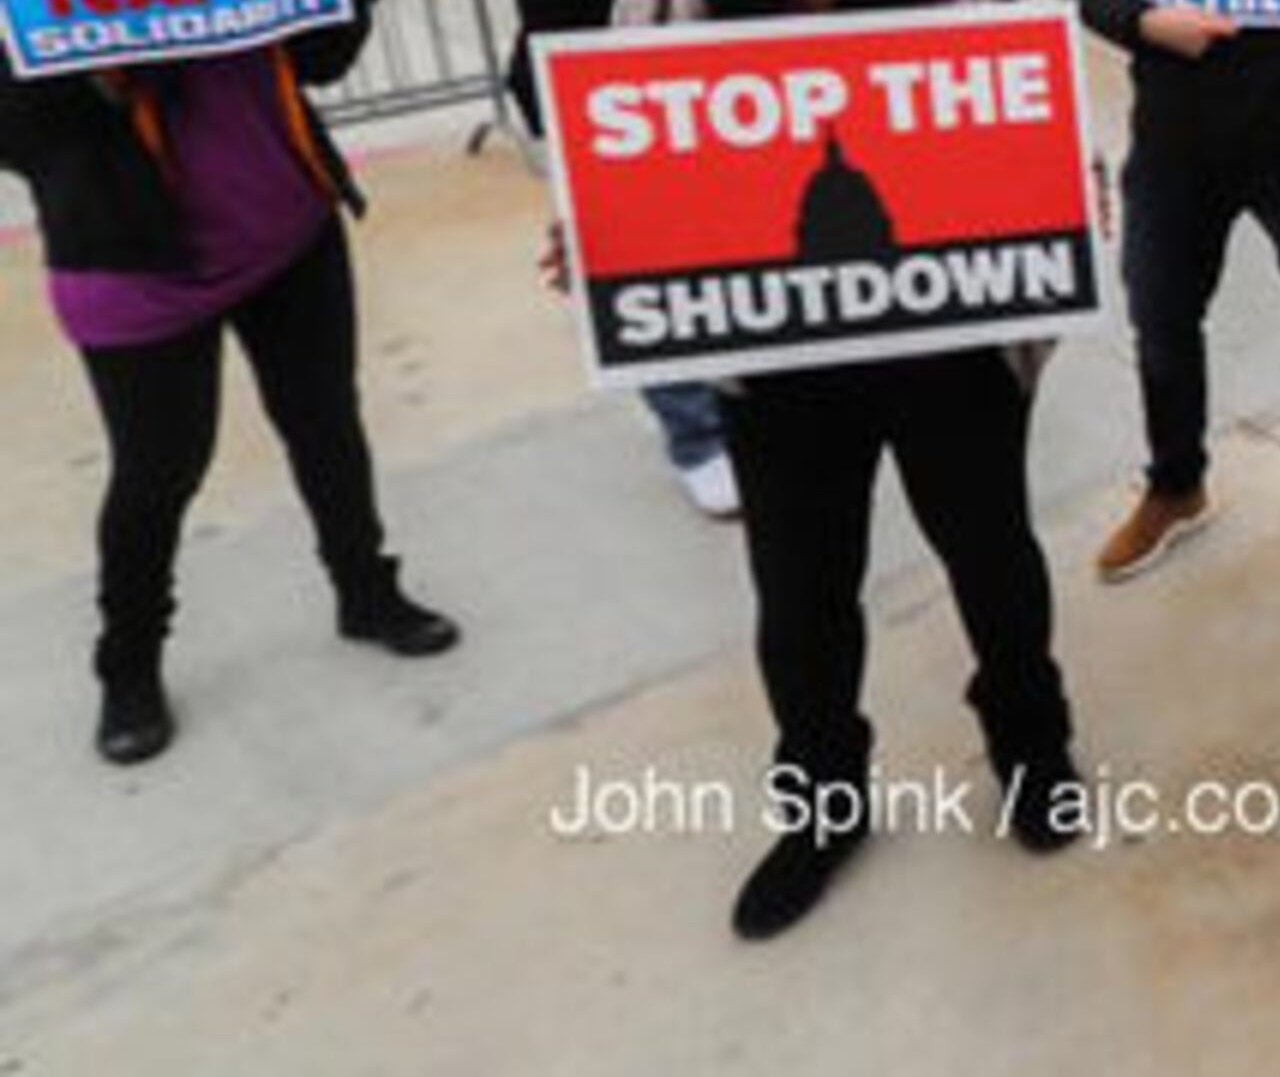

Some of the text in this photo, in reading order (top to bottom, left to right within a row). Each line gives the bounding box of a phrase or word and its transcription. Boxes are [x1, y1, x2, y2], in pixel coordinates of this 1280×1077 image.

[586, 52, 1053, 159] STOP THE
[613, 240, 1076, 347] SHUTDOWN
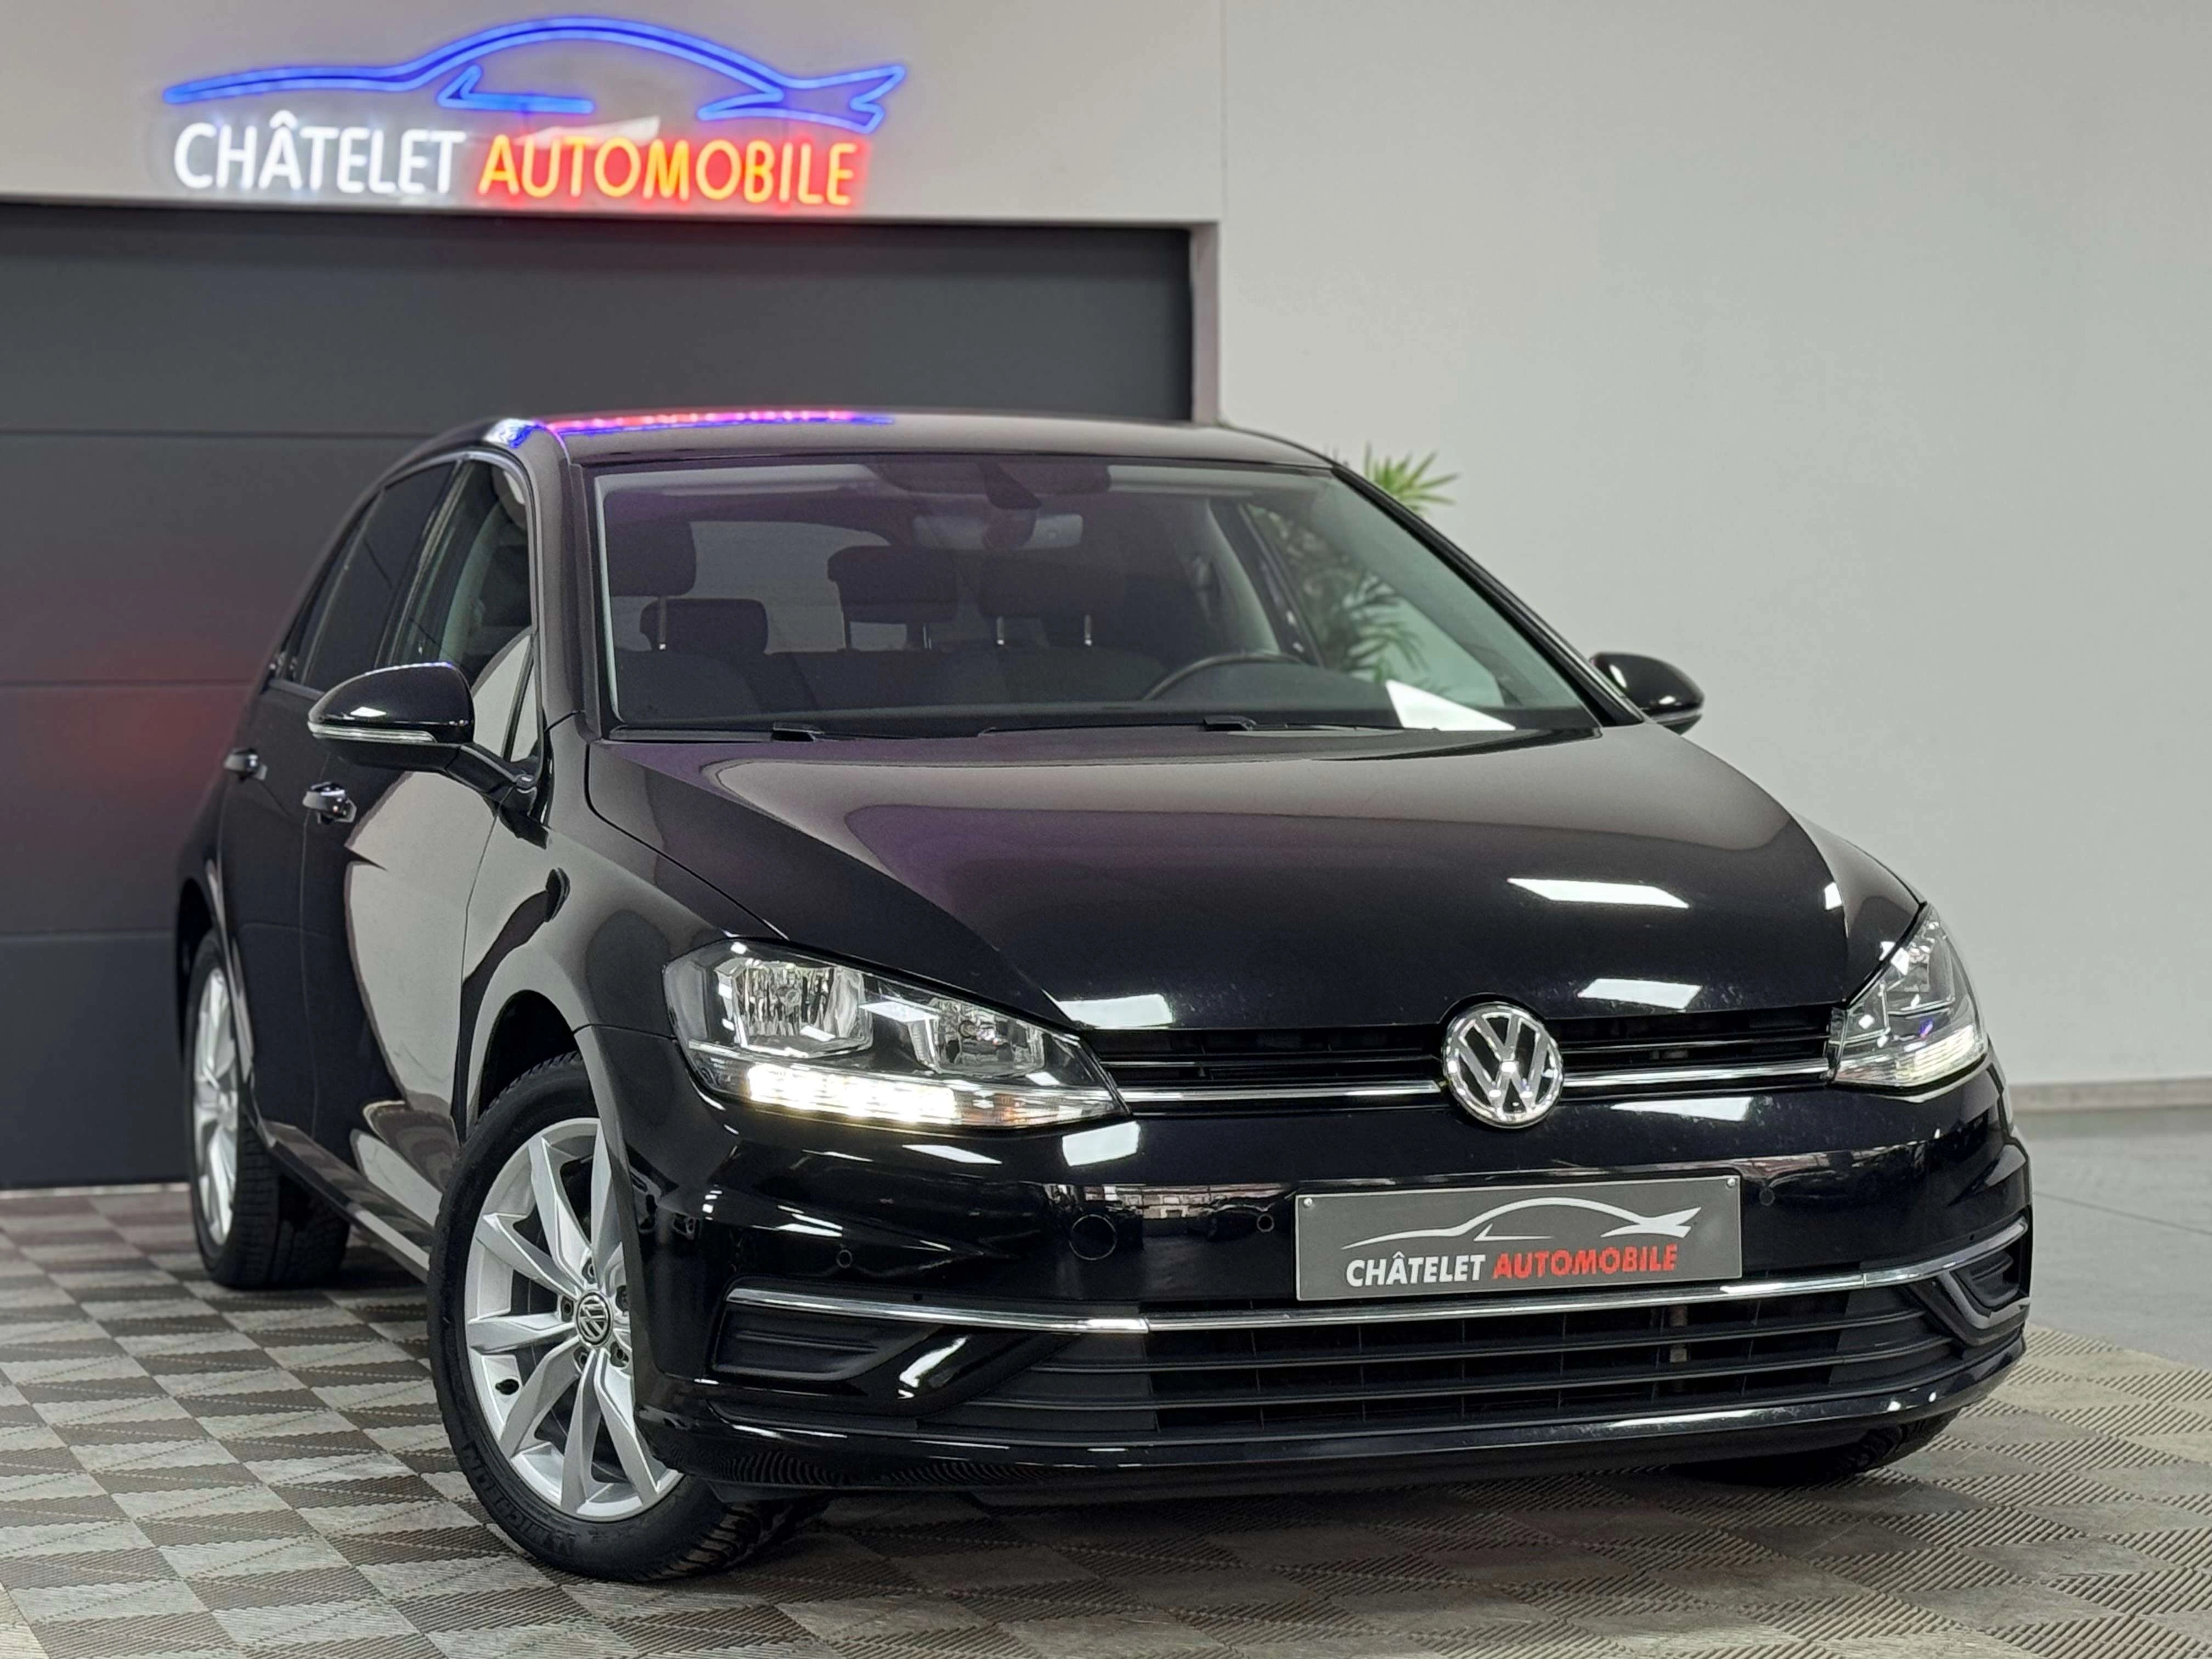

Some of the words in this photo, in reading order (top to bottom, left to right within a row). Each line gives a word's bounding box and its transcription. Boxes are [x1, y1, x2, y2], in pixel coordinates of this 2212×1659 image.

[173, 110, 467, 194] CHÂTELET
[477, 134, 858, 205] AUTOMOBILE
[1346, 1251, 1486, 1287] CHÂTELET
[1492, 1244, 1679, 1280] AUTOMOBILE
[462, 1444, 549, 1544] MICHELIN
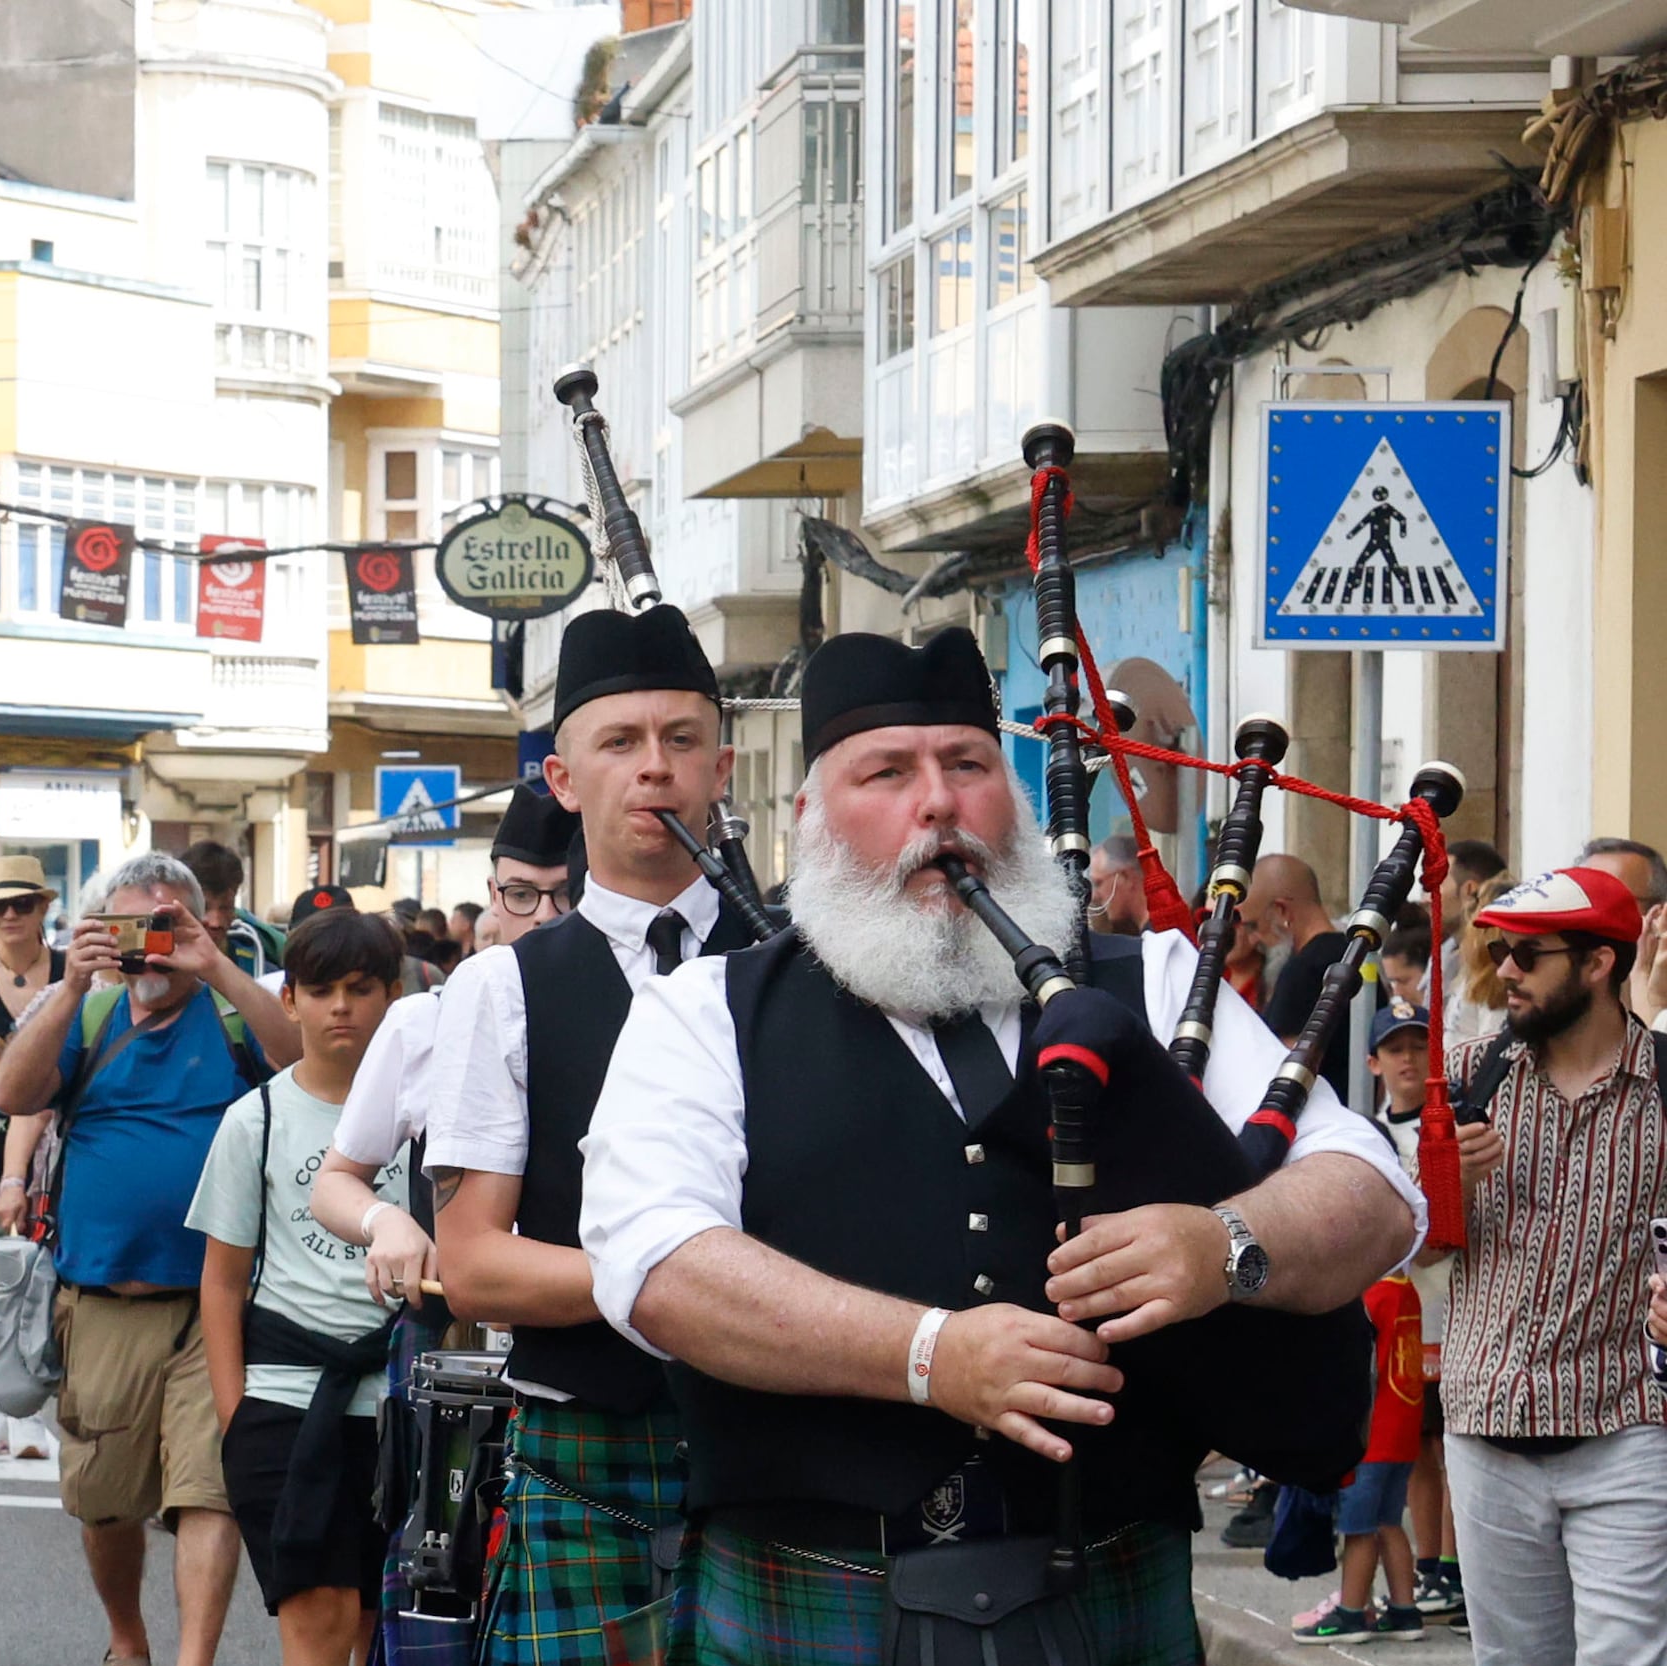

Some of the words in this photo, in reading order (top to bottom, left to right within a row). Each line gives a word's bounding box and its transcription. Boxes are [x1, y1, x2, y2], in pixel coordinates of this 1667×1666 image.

[462, 535, 570, 562] Estrella
[465, 564, 566, 591] Galicia
[300, 1231, 336, 1259] ALL
========
_What to produce:_ Each record must be returned exactly as it stands, and the images omitted.

_Reply:_
Some of the text in this photo, in reading order (top to bottom, left to right within a row). Each line gives the bounding box of a phrase or word and its transcription. Boxes are [x1, y1, x2, y2], in pixel coordinates of this 1280×1077 image.

[586, 52, 1053, 159] STOP THE
[613, 240, 1076, 347] SHUTDOWN

Some of the words in this photo, in reading order (top to bottom, left to right within a row). Each line gives a word's bounding box and its transcription. Boxes are [x1, y1, x2, y2], in pixel coordinates of this 2212×1659 image.

[173, 110, 467, 194] CHÂTELET
[477, 134, 858, 205] AUTOMOBILE
[1346, 1251, 1486, 1287] CHÂTELET
[1492, 1244, 1679, 1280] AUTOMOBILE
[462, 1444, 549, 1544] MICHELIN

Some of the words in this photo, in reading order (top to bottom, left to right within a row). Each line gives a word's bounding box and its transcription. Boxes are [x1, y1, x2, y2], in pixel coordinates of this 1667×1666 image.

[462, 535, 570, 562] Estrella
[465, 564, 566, 591] Galicia
[300, 1231, 336, 1259] ALL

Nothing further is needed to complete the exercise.